MHF operators must ensure major incident prevention and control measures identified in the Safety Case are implemented and fully functional. An effective safety management system ensures control measures remain functional.
Safety cases are reviewed by WorkSafe and must demonstrate facility safety before a licence can be granted.
Safety is a co-operative effort
The regulations recognise the important role of workers and others in developing the Safety Case and maintaining safe operations at a MHF.
Employees must be consulted. Employees have valuable operating knowledge and may also have safety improvement ideas. Contractors that perform specialised work at a MHF are also covered by the safety case.
Local councils and emergency services must also be consulted and informed about the safety case.
MHF emergency plans must be prepared in conjunction with relevant emergency services, typically the fire brigade.
MHF operators must also inform the local council of the facility’s system for alerting the community in the event of a major incident, and provide information on the safety case which community members can access at local libraries.
Monitoring and improving safety performance
Operators of MHFs must maintain effective major incident prevention and control measures, and have an up-to-date safety case.
This ongoing commitment to improving safety is important. Operators must monitor their performance and review the effectiveness of safety systems and controls and make improvements where needed. Operators also need to monitor technical developments and best practice in their industry, applying the lessons to their own facility.
WorkSafe inspectors and process safety analysts conduct a planned programme of inspections and visits to independently verify that MHF operators continue to meet their responsibilities.
WorkSafe inspection plans are tailored to each individual MHF, and if problems are found, WorkSafe will direct the MHF operator to fix them. If an immediate risk is found, WorkSafe will prohibit the activity.
Access to information about major hazard facilities
- Members of the local community
As a resident, employee, business operator or other person involved in a local community, you can access information about a MHF from your local council, library or MHF operator.
The sort of information available includes:
- a summary of the Safety Case and a copy of the MHF licence
- information on operations at the MHF and the materials used there
- information on the range of hazards at the facility and potential major incidents
- how the local community would be notified should a major incident occur, and what people should do
- Local councils
Municipal councils representing local communities are entitled to information and consultation with MHFs. Sometimes, a MHF’s local community may be within the boundaries of two or more municipalities and some councils have several MHFs within their boundaries.
Council involvement with a MHF includes:
- consultation on emergency planning as it affects the community
- the MHF working with council emergency planning staff
- receiving information on the MHF for reference purposes
- receiving information to be held at public libraries
WorkSafe consults with councils during relevant inquiries on MHF issues such as determination, deregistration or licence surrender.
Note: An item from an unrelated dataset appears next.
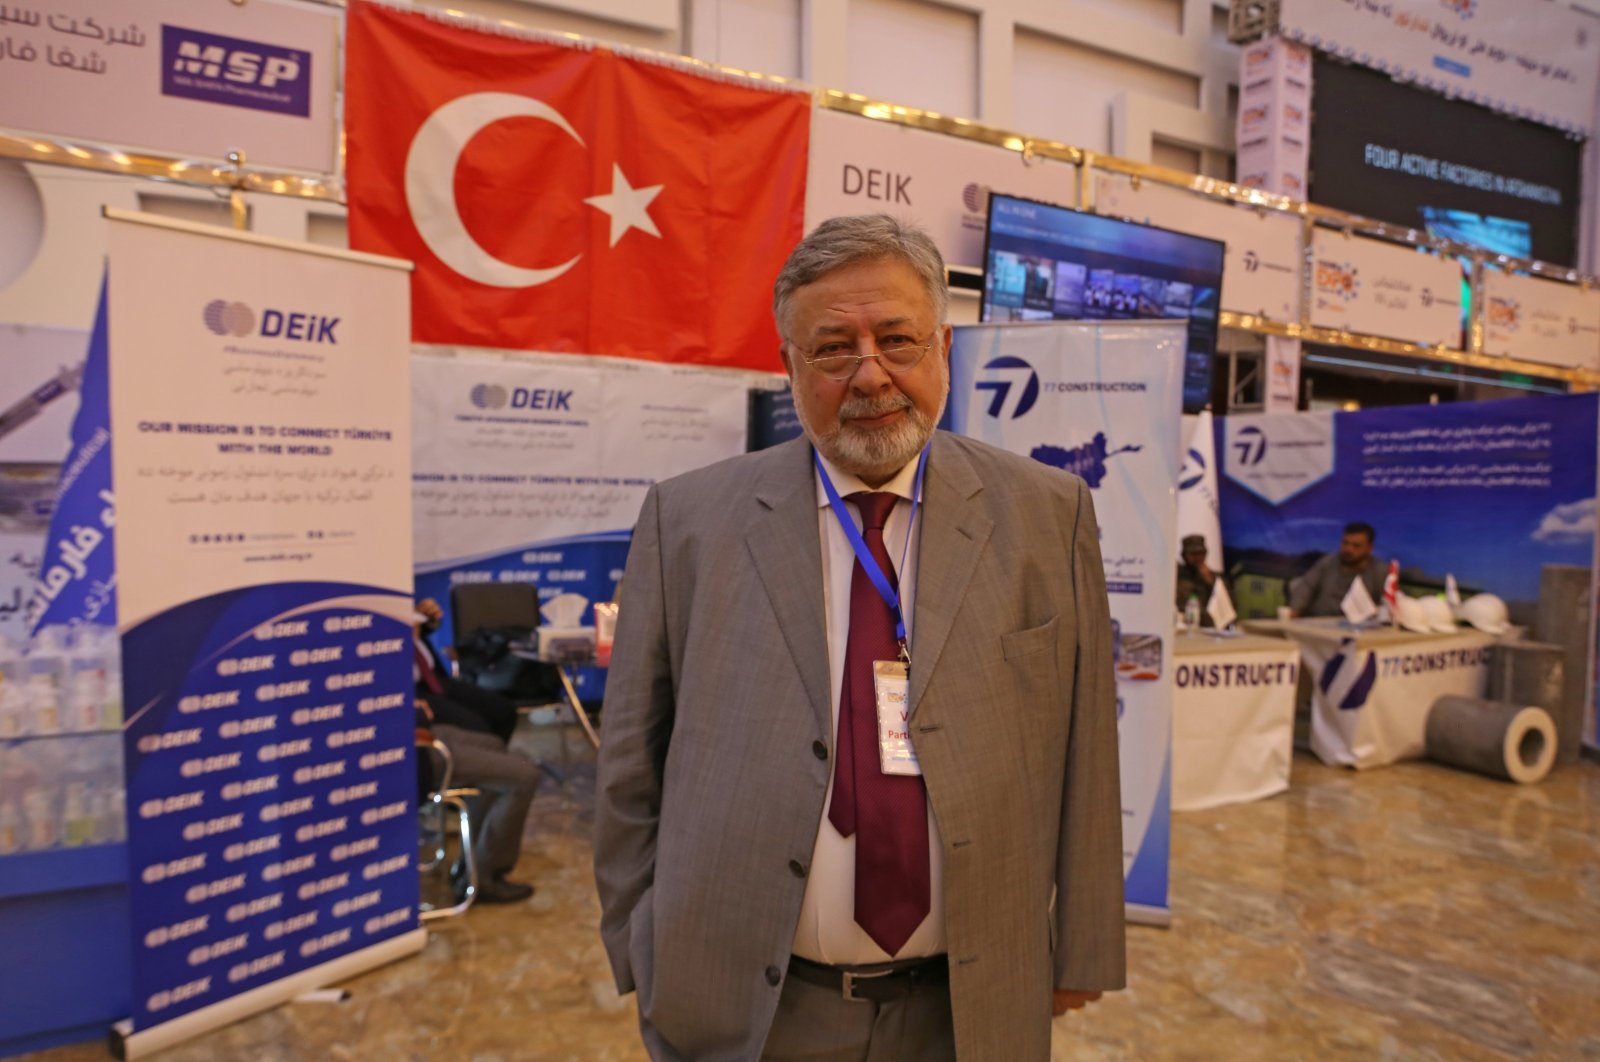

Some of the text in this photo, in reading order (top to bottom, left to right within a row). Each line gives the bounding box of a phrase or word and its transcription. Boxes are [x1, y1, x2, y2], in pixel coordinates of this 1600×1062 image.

- Emergency services and Victorian Government agencies
Government agencies involved in the regulation of MHFs may need to coordinate with each other to ensure the efficient and effective regulation of the facilities. To help achieve this, WorkSafe and key Victorian government agencies involved with MHFs have entered into memoranda of understanding (MOU).
Emergency services must also be consulted in MHF emergency plan preparation, and involved in periodical testing and review of plans.
The MHF must provide copies of the emergency plan to emergency services and have a copy available on site. WorkSafe will consult with other agencies (including those under a MOU) during relevant inquiries on MHF issues such as determination of a site as a MHF, Safety Case assessment, deregistration or licence surrender.